Phrase grounding data
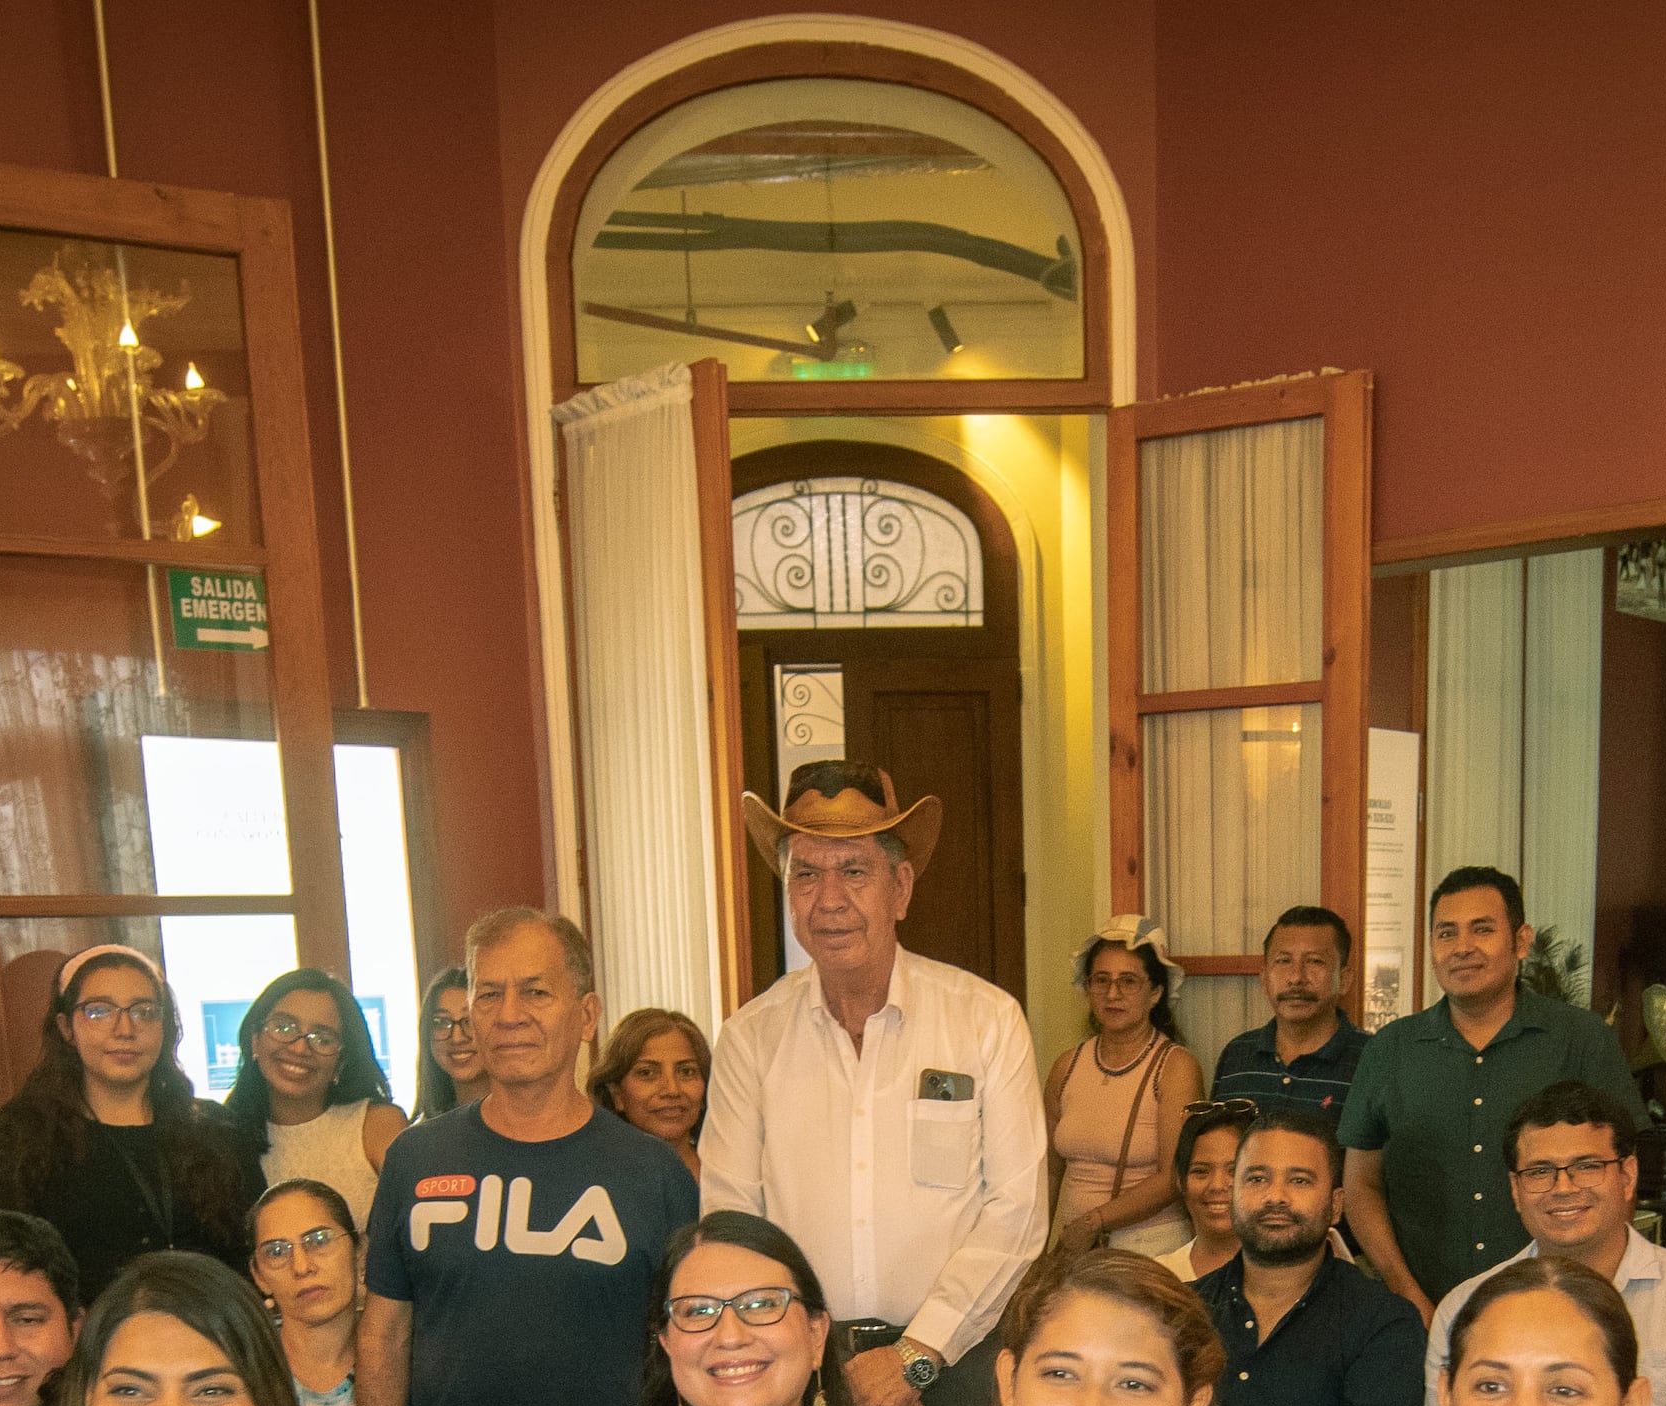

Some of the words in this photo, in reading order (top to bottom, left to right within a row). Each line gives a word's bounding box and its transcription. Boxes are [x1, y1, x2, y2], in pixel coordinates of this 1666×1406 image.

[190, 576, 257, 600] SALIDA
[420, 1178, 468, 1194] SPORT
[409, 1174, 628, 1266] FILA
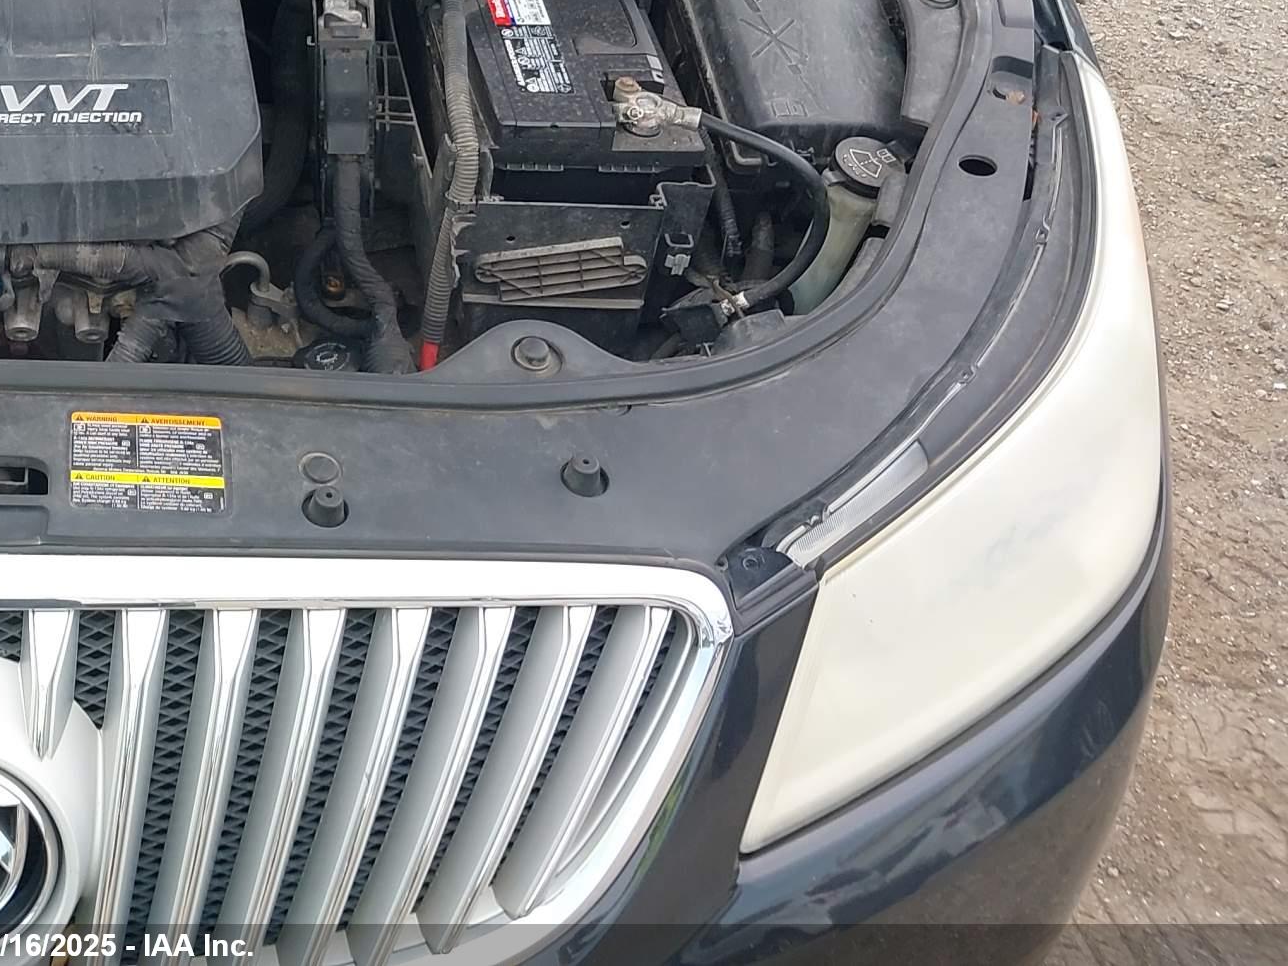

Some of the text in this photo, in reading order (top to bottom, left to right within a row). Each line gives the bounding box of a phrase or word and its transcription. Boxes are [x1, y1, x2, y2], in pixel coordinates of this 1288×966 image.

- **HOW TO COMPLETE THIS TASK**
Repeat the records above exactly, leaving out the pictures.

- **WRITTEN RESPONSE**
Some of the words in this photo, in reading order (top to bottom, left to right within a row). Each line gives a word's bounding box and its transcription. Boxes are [x1, y1, x2, y2], in pixel coordinates of this 1666×1406 image.

[190, 576, 257, 600] SALIDA
[420, 1178, 468, 1194] SPORT
[409, 1174, 628, 1266] FILA

Some of the text in this photo, in reading order (top to bottom, left to right within a row). Each line gives the bounding box of a phrase or word and its transcription. Boxes are [x1, y1, x2, y2], in pixel coordinates of this 1288×966 image.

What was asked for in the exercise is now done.